» Task item
All lines holding the word "СЛОВ" should be located in the records and copied.
*** Excerpted records Section Begins ***
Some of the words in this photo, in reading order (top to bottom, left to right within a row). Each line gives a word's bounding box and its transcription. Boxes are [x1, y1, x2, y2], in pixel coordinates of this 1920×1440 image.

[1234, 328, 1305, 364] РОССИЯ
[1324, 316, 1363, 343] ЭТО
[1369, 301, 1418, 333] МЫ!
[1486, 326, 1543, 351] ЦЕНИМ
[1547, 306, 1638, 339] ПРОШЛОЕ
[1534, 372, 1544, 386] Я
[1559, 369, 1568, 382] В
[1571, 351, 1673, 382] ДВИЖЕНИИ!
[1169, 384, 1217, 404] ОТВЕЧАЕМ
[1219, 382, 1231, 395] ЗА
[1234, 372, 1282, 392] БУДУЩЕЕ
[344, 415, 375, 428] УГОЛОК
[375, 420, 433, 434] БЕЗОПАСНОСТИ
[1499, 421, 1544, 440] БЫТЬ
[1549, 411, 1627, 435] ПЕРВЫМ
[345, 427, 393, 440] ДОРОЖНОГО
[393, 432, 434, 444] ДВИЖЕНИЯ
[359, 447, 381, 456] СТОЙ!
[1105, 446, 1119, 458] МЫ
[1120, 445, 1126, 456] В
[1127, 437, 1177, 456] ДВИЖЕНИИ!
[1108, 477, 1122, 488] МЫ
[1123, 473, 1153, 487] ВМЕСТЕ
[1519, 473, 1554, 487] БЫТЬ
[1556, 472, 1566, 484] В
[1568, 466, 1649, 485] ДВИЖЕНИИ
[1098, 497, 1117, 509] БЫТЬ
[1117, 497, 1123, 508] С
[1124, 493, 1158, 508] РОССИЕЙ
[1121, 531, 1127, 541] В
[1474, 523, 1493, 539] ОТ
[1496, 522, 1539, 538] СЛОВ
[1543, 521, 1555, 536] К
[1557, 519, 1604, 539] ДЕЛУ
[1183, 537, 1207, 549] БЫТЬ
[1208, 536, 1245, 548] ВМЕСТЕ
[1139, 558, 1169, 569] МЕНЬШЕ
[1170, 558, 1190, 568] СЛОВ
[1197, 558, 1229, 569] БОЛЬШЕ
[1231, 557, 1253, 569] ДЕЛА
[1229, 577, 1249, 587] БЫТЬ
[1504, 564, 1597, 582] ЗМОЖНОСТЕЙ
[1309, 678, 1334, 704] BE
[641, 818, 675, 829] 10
*** Excerpted records Section Ends ***
» Task answer
[1496, 522, 1539, 538] СЛОВ
[1170, 558, 1190, 568] СЛОВ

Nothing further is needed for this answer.